= Luke Dashjr =

Bitcoin developer and co-founder of the Ocean mining pool

Luke Dashjr is an American software developer known for his long-standing role in the development of Bitcoin Core and for co-founding the Bitcoin mining pool Ocean.

== Career ==

=== Early involvement with Bitcoin ===
Dashjr has contributed to Bitcoin Core, an open source software implementation for Bitcoin nodes, since the early 2010s. In 2013, a bug in version 0.8 of the software caused the Bitcoin blockchain to split into two incompatible chains. For several hours, some computers accepted blocks that others rejected, creating two separate transaction histories. Developers, including Dashjr, coordinated to quickly create a consensus upgrade that restored Bitcoin to a single chain.

=== Ocean Bitcoin mining pool ===
In 2023, Dashjr co-founded Ocean, a Bitcoin mining pool with the stated goal of decentralizing Bitcoin mining by giving miners the ability to select or construct their own block templates, reducing reliance on centralized pool operators. The company received seed funding from Jack Dorsey. It was formally launched at the Future of Bitcoin Mining Conference in El Salvador.

In 2024, the pool established its global headquarters in El Salvador as part of its international expansion, citing the country's pro-Bitcoin regulatory environment. Following the decision, Dashjr stated, "El Salvador is on the leading edge of bitcoin and bitcoin mining adoption. We believe Ocean’s presence here will help to advance these efforts here and create new opportunities for El Salvador."

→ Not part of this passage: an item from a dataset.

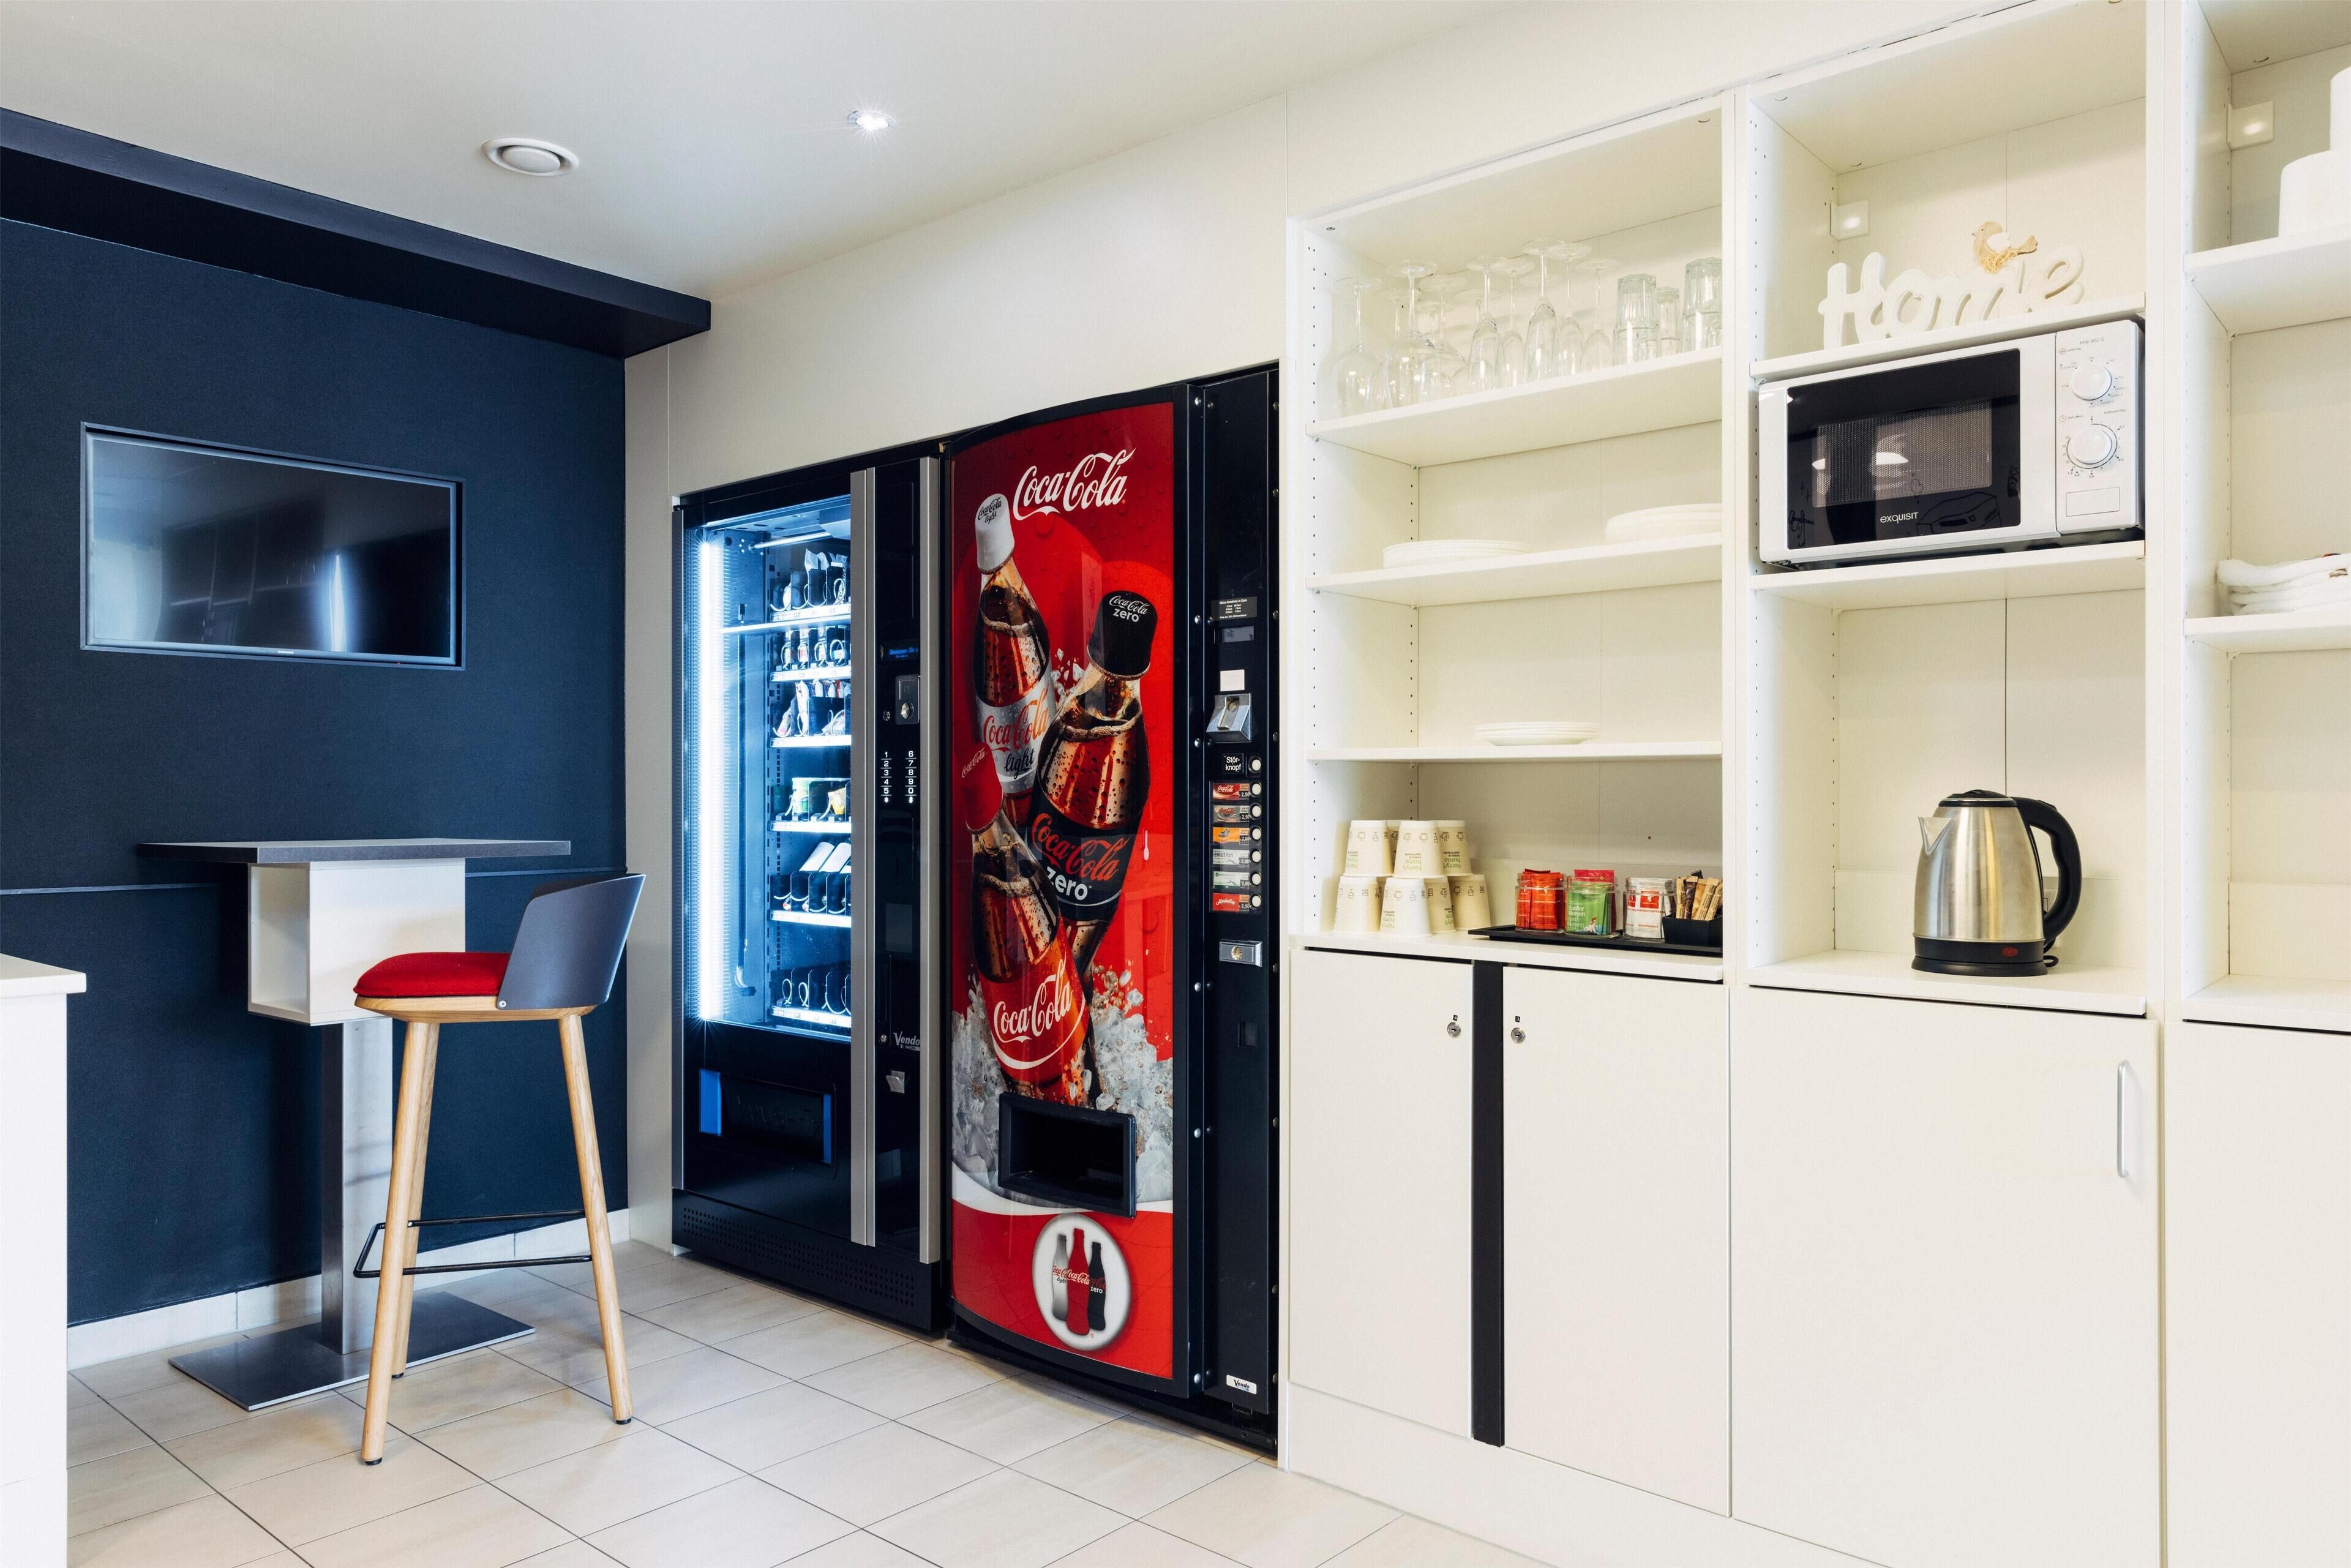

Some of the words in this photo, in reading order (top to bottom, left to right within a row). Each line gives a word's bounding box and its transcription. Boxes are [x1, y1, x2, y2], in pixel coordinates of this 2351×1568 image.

=== Opinions on Bitcoin ===
Dashjr believes that the number of Bitcoin nodes is higher than most estimates. In a research paper conducted by the University of Bristol, Dashjr, explained that many estimates, including those from BitNodes, underreport non-listening nodes. While BitNodes reported around 10,000 active Bitcoin nodes, Dashjr believes that over 100,000 nodes are in operation if non-listening nodes are included.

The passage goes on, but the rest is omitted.